The answer must reproduce all of the data below exactly and contain no images.

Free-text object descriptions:

--------------------

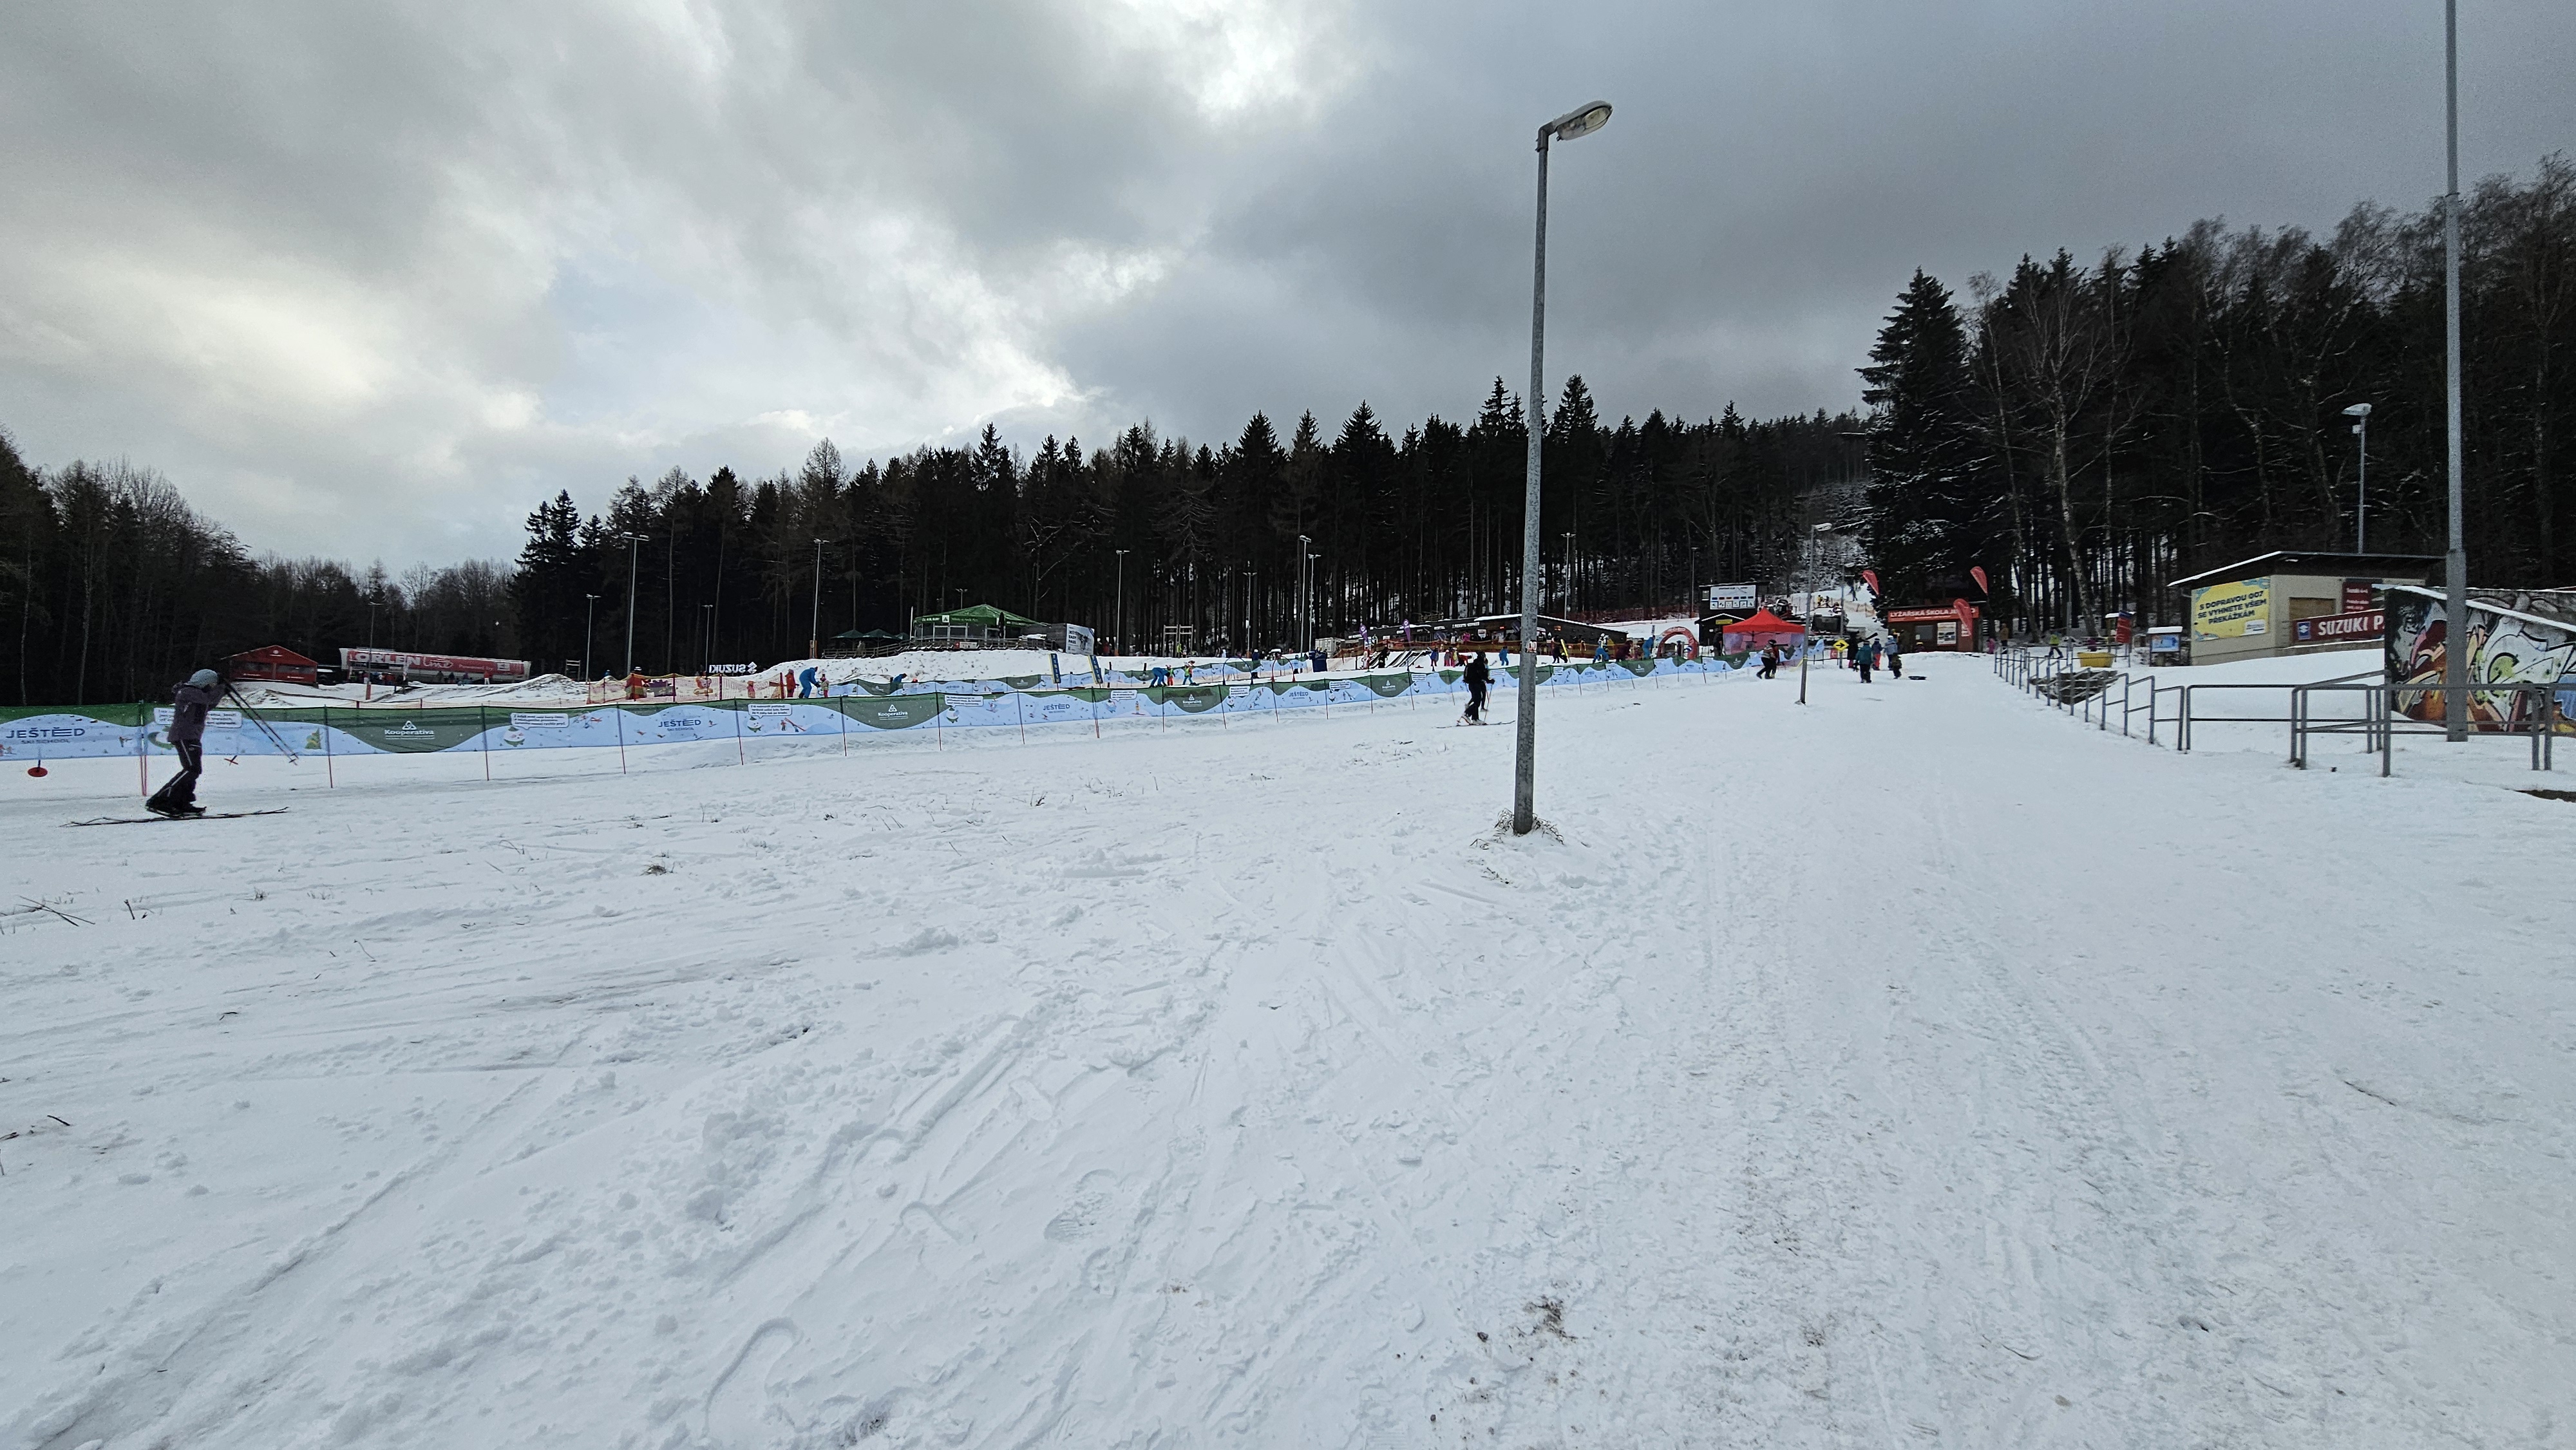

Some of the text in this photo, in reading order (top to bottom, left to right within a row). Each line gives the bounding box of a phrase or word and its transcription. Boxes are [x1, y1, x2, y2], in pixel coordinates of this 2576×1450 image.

[2206, 594, 2247, 609] DOPRAVOU
[2208, 604, 2243, 616] VYHNETE
[2245, 599, 2267, 608] VŠEM
[1889, 609, 1926, 617] LYŽAŘSKÁ
[2208, 610, 2255, 625] PŘEKÁŽKÁM
[2318, 615, 2385, 636] SUZUKI P
[355, 653, 421, 666] ORLEN
[658, 719, 701, 728] JEŠTĚD
[6, 726, 86, 739] JEŠTĚD
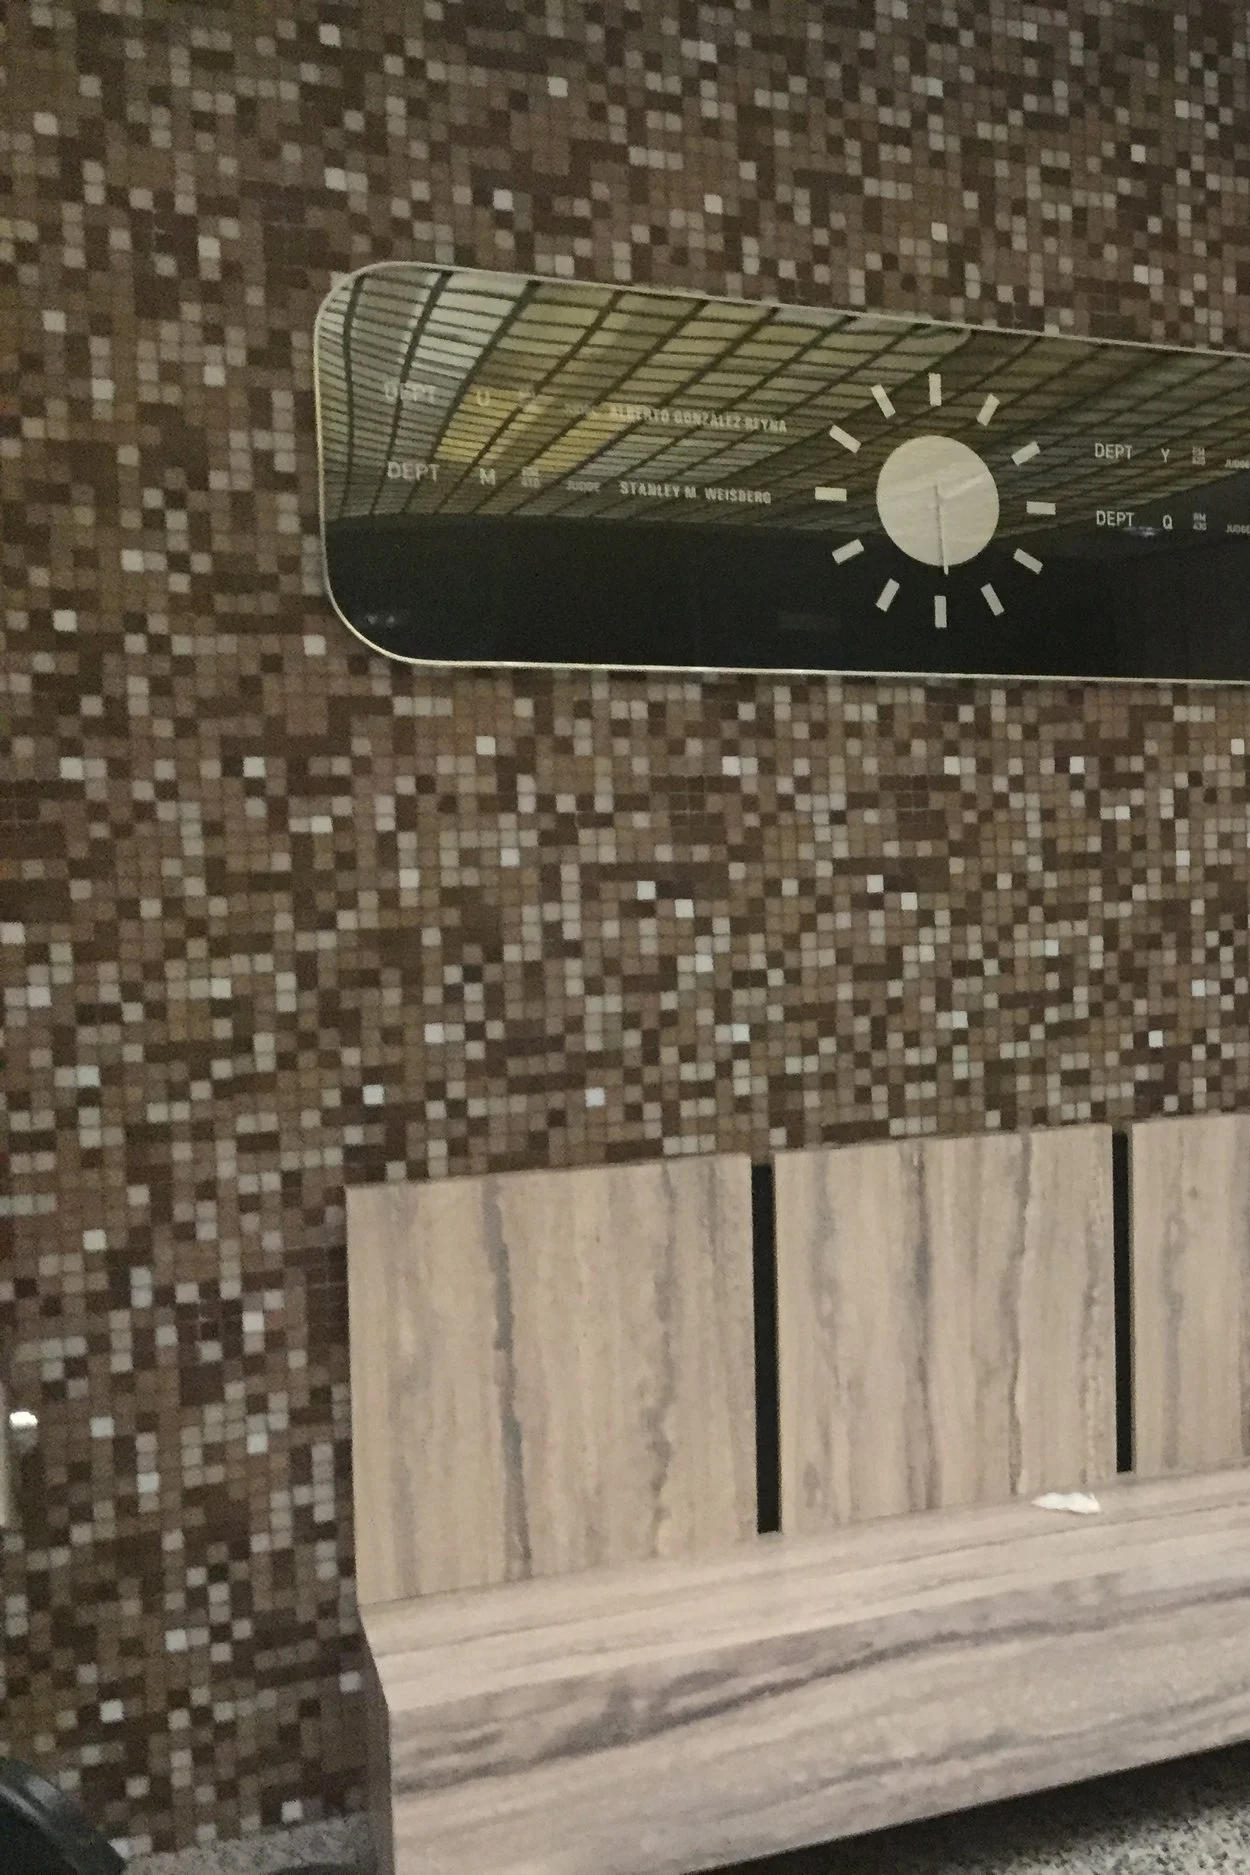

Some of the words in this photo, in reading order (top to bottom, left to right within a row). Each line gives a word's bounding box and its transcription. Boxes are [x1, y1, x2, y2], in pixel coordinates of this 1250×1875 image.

[1095, 443, 1133, 460] DEPT
[1161, 448, 1170, 463] Y
[387, 461, 440, 482] DEPT
[479, 467, 496, 486] M
[618, 481, 681, 498] STANLEY
[704, 487, 772, 504] WEISBERG
[1096, 511, 1135, 528] DEPT
[1162, 514, 1174, 530] Q
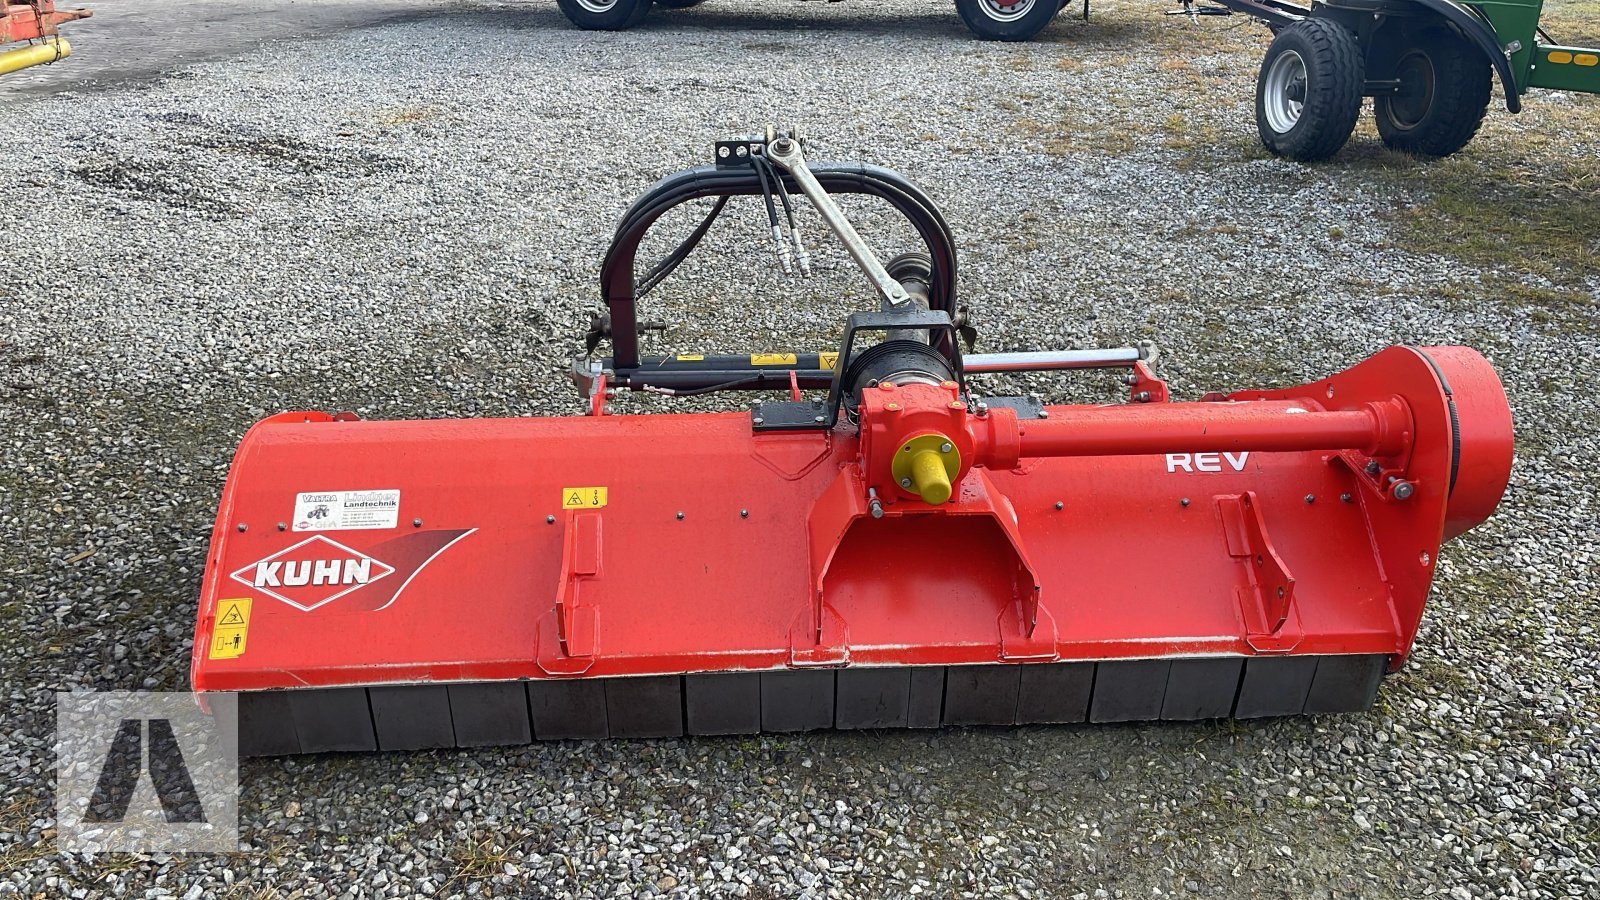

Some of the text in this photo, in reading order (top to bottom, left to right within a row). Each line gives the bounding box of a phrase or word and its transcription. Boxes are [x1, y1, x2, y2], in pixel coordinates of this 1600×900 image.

--------------------

= Answer for this exercise =
Some of the text in this photo, in reading order (top to bottom, left to right within a row). Each line gives the bounding box of a phrase or word and its transcription. Boxes are [x1, y1, x2, y2], in pixel coordinates of this 2576×1450 image.

[2206, 594, 2247, 609] DOPRAVOU
[2208, 604, 2243, 616] VYHNETE
[2245, 599, 2267, 608] VŠEM
[1889, 609, 1926, 617] LYŽAŘSKÁ
[2208, 610, 2255, 625] PŘEKÁŽKÁM
[2318, 615, 2385, 636] SUZUKI P
[355, 653, 421, 666] ORLEN
[658, 719, 701, 728] JEŠTĚD
[6, 726, 86, 739] JEŠTĚD

Some of the words in this photo, in reading order (top to bottom, left to right within a row). Each line gives a word's bounding box and its transcription. Boxes are [x1, y1, x2, y2], in pixel coordinates of this 1250×1875 image.

[1095, 443, 1133, 460] DEPT
[1161, 448, 1170, 463] Y
[387, 461, 440, 482] DEPT
[479, 467, 496, 486] M
[618, 481, 681, 498] STANLEY
[704, 487, 772, 504] WEISBERG
[1096, 511, 1135, 528] DEPT
[1162, 514, 1174, 530] Q

Some of the text in this photo, in reading order (top to bottom, left to right within a row). Each line gives the bounding box of a phrase or word and its transcription. Boxes are [x1, y1, x2, y2], in pixel coordinates of this 1600×900 image.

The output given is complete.